>>
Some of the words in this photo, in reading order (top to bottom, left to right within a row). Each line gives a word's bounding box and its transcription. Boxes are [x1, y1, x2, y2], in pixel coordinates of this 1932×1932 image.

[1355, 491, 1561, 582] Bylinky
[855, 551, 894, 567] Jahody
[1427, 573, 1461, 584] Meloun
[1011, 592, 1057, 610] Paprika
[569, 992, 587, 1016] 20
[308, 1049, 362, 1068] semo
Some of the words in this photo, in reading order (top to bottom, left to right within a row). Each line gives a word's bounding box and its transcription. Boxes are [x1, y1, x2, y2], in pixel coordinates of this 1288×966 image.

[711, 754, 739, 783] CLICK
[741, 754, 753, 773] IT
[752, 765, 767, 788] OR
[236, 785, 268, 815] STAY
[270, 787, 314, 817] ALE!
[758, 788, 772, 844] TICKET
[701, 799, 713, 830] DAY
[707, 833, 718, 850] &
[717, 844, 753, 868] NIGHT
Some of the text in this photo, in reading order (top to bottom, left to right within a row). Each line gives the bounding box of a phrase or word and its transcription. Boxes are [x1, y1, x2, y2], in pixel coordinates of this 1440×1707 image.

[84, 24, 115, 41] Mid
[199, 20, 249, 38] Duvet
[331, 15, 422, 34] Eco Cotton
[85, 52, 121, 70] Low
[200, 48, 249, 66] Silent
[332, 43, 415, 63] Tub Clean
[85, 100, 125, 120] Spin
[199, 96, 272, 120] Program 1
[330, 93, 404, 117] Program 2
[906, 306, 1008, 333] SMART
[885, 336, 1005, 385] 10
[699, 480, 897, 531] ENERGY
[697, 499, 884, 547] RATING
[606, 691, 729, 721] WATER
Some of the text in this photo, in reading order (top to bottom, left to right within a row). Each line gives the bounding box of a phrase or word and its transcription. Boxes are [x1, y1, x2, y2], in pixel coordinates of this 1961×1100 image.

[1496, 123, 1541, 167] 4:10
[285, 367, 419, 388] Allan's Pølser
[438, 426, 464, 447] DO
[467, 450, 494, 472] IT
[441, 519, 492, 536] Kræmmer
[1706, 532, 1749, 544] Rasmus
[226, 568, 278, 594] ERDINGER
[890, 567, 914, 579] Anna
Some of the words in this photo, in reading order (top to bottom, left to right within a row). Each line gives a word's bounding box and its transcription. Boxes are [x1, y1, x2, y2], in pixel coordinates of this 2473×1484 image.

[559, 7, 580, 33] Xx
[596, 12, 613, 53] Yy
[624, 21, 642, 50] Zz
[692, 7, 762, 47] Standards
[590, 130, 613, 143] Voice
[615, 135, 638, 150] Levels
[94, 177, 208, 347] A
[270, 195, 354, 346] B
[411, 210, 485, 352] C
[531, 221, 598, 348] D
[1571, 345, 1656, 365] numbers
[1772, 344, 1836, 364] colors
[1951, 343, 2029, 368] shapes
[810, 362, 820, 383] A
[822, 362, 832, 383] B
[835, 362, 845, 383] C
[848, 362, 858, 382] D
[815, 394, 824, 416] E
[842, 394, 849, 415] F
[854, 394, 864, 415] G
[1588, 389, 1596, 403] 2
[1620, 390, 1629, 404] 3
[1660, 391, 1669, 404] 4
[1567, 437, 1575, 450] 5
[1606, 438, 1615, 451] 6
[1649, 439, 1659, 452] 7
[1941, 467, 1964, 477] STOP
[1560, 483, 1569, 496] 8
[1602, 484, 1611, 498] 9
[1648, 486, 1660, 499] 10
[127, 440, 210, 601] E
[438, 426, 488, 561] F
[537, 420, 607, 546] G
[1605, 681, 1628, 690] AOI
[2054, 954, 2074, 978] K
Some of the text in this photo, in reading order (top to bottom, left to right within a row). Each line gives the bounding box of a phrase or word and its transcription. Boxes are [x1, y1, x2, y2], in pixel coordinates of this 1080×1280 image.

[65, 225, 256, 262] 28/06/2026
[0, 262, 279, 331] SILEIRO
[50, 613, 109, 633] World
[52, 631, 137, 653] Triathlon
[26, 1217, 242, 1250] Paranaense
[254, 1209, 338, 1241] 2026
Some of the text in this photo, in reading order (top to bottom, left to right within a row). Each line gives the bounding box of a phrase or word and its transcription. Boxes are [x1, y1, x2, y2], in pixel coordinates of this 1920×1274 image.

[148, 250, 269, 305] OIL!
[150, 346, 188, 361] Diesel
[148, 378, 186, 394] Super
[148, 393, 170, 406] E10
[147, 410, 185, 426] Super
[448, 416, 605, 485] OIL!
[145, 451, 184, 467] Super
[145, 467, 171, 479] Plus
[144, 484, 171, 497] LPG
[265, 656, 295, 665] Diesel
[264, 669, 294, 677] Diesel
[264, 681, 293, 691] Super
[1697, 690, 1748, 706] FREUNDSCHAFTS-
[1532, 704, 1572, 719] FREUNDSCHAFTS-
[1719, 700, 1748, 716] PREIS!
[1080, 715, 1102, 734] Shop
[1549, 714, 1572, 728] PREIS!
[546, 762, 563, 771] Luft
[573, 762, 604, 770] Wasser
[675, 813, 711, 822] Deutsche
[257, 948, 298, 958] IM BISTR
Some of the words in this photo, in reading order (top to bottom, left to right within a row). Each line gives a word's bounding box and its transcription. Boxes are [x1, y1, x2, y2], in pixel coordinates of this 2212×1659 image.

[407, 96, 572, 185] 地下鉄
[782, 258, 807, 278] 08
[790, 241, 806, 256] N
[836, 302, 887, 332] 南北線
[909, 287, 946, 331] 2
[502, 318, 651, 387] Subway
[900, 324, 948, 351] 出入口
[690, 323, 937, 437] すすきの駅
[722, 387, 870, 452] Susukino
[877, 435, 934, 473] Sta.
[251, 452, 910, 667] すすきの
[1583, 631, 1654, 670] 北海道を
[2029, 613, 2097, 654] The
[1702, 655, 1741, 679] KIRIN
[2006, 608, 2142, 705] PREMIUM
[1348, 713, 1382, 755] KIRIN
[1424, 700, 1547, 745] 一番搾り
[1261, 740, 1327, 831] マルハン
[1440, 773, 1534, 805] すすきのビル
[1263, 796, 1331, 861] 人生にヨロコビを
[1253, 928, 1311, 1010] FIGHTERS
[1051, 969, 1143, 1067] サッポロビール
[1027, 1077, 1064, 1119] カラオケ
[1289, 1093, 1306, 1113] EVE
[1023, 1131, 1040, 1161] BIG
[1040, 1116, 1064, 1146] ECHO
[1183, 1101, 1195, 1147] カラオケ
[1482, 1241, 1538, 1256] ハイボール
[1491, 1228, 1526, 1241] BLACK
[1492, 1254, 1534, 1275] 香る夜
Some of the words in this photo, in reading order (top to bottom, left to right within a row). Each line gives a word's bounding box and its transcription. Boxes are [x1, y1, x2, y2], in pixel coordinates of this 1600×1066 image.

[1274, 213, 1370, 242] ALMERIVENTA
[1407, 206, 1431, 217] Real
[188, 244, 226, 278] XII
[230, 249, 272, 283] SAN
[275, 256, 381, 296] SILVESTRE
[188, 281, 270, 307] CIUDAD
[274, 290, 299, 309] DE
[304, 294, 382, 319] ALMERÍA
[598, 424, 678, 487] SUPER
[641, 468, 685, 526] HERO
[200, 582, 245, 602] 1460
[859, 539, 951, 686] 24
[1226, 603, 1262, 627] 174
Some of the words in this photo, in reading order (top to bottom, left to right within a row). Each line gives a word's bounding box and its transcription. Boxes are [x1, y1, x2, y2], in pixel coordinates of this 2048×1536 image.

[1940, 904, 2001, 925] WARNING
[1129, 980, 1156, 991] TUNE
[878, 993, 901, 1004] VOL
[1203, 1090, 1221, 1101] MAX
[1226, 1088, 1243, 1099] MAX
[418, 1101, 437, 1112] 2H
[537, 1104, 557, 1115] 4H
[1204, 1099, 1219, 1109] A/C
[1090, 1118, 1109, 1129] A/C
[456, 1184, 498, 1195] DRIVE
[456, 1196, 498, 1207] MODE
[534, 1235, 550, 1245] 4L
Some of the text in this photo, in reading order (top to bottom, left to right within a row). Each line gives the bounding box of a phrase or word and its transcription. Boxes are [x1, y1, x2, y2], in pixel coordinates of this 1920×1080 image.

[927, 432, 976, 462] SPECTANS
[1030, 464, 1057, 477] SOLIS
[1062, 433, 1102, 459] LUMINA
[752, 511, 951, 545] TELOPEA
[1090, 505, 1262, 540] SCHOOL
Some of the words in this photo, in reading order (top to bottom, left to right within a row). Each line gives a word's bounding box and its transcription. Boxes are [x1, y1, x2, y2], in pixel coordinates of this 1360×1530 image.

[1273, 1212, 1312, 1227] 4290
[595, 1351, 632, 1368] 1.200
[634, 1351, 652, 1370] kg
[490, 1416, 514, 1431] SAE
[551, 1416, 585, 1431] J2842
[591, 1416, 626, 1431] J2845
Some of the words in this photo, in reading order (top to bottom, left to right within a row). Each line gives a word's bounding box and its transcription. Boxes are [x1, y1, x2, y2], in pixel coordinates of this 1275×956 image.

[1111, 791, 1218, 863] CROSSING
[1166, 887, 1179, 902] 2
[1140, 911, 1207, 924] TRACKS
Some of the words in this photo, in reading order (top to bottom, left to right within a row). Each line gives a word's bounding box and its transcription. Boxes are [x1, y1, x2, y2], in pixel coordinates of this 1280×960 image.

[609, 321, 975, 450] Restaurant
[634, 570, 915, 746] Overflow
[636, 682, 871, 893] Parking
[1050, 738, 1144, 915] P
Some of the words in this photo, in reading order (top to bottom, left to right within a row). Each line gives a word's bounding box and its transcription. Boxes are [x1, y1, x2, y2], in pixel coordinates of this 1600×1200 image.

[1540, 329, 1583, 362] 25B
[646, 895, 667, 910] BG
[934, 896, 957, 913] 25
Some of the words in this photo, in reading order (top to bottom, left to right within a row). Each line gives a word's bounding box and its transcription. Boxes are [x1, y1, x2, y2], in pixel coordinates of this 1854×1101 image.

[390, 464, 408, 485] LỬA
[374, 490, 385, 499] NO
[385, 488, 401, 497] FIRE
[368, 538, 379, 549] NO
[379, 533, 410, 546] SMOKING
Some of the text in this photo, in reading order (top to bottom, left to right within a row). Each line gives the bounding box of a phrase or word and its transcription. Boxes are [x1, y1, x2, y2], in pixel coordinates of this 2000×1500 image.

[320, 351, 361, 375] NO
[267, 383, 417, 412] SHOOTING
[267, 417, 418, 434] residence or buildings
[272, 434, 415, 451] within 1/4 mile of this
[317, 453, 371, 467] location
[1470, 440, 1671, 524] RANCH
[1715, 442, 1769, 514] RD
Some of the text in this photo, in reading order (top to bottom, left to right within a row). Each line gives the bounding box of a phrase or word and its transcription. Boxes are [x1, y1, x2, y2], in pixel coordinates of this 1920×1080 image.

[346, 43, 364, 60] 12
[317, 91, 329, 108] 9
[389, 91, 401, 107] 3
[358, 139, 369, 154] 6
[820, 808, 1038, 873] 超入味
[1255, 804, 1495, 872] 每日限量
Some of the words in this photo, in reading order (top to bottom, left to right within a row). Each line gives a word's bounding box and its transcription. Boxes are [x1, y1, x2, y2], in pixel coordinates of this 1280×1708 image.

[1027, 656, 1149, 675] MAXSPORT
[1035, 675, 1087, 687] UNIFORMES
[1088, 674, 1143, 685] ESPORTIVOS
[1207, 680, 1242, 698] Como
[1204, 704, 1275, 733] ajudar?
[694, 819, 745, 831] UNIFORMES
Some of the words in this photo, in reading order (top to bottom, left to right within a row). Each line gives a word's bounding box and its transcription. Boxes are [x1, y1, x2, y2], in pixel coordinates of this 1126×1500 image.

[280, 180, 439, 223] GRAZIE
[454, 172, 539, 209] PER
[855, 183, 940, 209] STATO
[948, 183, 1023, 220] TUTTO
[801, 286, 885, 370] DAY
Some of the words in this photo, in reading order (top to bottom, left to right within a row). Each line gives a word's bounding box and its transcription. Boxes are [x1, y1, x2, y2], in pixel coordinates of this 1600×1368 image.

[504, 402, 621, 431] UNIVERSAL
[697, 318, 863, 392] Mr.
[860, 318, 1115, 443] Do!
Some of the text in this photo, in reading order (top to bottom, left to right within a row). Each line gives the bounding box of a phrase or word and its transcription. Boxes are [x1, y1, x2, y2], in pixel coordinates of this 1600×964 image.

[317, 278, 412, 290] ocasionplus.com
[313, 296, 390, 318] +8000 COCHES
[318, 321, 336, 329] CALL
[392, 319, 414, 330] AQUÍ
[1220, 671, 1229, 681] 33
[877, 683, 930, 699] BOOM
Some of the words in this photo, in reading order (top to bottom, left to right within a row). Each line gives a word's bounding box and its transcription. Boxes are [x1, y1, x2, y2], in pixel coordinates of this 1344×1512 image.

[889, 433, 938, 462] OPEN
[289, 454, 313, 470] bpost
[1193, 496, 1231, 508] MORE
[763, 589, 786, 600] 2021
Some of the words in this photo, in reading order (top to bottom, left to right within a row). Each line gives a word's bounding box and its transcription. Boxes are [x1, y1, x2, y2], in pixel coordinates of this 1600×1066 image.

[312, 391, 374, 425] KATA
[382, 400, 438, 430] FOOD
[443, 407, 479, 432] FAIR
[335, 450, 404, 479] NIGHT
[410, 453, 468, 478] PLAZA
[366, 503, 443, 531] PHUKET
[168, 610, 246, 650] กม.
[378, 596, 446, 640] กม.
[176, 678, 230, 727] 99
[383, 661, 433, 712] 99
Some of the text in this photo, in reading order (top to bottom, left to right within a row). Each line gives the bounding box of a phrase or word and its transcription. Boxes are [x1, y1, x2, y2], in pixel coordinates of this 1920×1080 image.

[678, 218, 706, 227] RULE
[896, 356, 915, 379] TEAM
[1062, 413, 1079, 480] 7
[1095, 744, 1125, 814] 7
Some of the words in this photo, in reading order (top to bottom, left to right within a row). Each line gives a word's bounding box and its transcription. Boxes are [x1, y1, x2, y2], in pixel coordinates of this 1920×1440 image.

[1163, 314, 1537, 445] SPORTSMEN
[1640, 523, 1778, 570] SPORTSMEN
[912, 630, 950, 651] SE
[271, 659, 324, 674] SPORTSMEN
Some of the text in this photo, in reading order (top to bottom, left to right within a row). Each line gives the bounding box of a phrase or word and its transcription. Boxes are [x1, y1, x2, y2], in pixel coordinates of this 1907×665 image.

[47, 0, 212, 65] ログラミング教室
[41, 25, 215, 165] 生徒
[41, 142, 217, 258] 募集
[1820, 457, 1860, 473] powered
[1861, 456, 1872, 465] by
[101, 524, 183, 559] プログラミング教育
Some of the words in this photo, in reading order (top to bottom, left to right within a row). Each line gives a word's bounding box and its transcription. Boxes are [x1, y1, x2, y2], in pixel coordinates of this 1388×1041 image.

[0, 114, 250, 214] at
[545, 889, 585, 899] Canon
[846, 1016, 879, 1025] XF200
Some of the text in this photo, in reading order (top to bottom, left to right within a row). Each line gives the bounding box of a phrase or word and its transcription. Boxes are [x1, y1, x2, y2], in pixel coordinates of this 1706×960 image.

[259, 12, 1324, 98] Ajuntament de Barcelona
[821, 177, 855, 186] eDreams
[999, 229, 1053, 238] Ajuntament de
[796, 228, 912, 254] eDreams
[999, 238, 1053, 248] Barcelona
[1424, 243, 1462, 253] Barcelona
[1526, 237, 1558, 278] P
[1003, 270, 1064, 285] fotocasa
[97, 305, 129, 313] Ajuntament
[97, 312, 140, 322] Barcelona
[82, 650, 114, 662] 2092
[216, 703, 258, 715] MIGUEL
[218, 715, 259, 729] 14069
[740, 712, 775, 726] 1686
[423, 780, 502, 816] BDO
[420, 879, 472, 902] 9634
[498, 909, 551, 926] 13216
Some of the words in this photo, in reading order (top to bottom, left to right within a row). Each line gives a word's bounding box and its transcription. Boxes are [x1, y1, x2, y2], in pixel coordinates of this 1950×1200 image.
<<
■ **Assignment**
Write out the lines above, starting at the line that contains "this 1706×960 image." and ending with the final line, and nothing else; copy them exactly.

■ **Result of the exercise**
Some of the text in this photo, in reading order (top to bottom, left to right within a row). Each line gives the bounding box of a phrase or word and its transcription. Boxes are [x1, y1, x2, y2], in pixel coordinates of this 1706×960 image.

[259, 12, 1324, 98] Ajuntament de Barcelona
[821, 177, 855, 186] eDreams
[999, 229, 1053, 238] Ajuntament de
[796, 228, 912, 254] eDreams
[999, 238, 1053, 248] Barcelona
[1424, 243, 1462, 253] Barcelona
[1526, 237, 1558, 278] P
[1003, 270, 1064, 285] fotocasa
[97, 305, 129, 313] Ajuntament
[97, 312, 140, 322] Barcelona
[82, 650, 114, 662] 2092
[216, 703, 258, 715] MIGUEL
[218, 715, 259, 729] 14069
[740, 712, 775, 726] 1686
[423, 780, 502, 816] BDO
[420, 879, 472, 902] 9634
[498, 909, 551, 926] 13216
Some of the words in this photo, in reading order (top to bottom, left to right within a row). Each line gives a word's bounding box and its transcription. Boxes are [x1, y1, x2, y2], in pixel coordinates of this 1950×1200 image.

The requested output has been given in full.